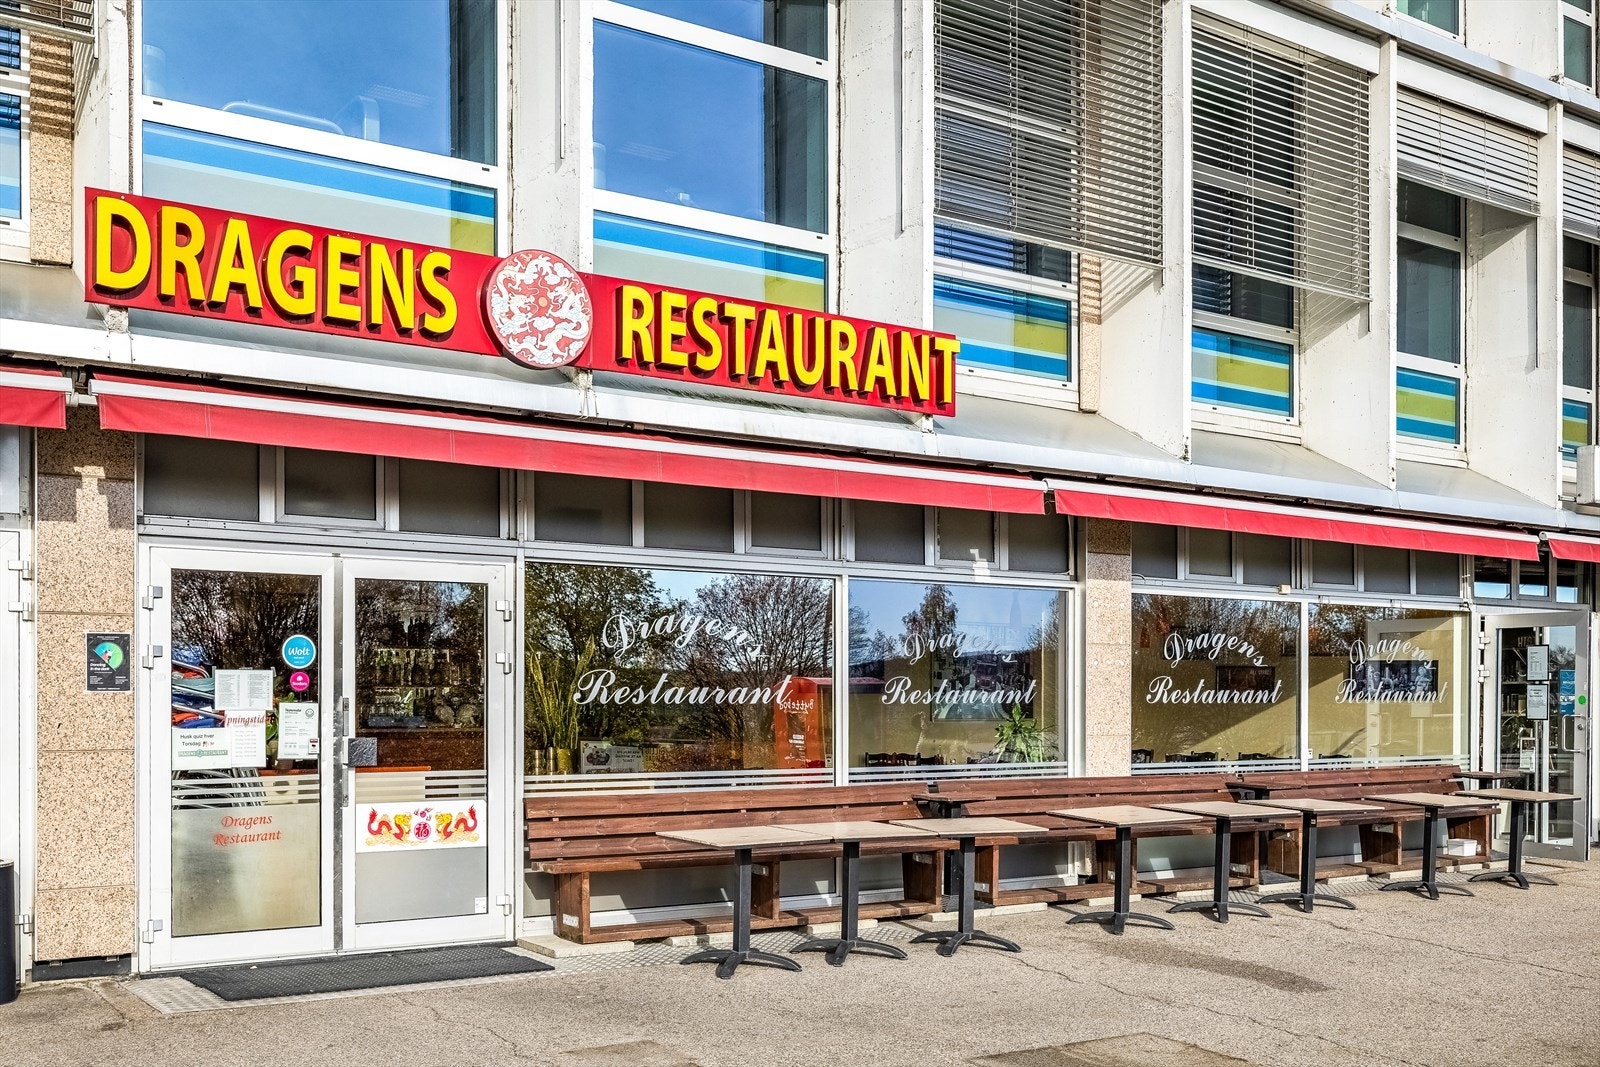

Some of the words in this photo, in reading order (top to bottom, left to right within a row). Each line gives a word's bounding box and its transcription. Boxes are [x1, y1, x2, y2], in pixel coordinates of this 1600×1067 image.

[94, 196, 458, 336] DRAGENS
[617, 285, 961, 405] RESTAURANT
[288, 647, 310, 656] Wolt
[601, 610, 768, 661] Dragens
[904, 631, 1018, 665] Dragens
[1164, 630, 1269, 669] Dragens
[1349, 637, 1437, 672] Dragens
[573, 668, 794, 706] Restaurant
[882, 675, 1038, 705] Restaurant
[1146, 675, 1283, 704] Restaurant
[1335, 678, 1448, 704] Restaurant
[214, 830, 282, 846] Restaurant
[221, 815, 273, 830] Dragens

• TO DO: Whatever pictures the entries contain, omit them, and write the rest out exactly.

• EXERCISE RESULT:
Some of the words in this photo, in reading order (top to bottom, left to right within a row). Each line gives a word's bounding box and its transcription. Boxes are [x1, y1, x2, y2], in pixel coordinates of this 1600×1067 image.

[94, 196, 458, 336] DRAGENS
[617, 285, 961, 405] RESTAURANT
[288, 647, 310, 656] Wolt
[601, 610, 768, 661] Dragens
[904, 631, 1018, 665] Dragens
[1164, 630, 1269, 669] Dragens
[1349, 637, 1437, 672] Dragens
[573, 668, 794, 706] Restaurant
[882, 675, 1038, 705] Restaurant
[1146, 675, 1283, 704] Restaurant
[1335, 678, 1448, 704] Restaurant
[214, 830, 282, 846] Restaurant
[221, 815, 273, 830] Dragens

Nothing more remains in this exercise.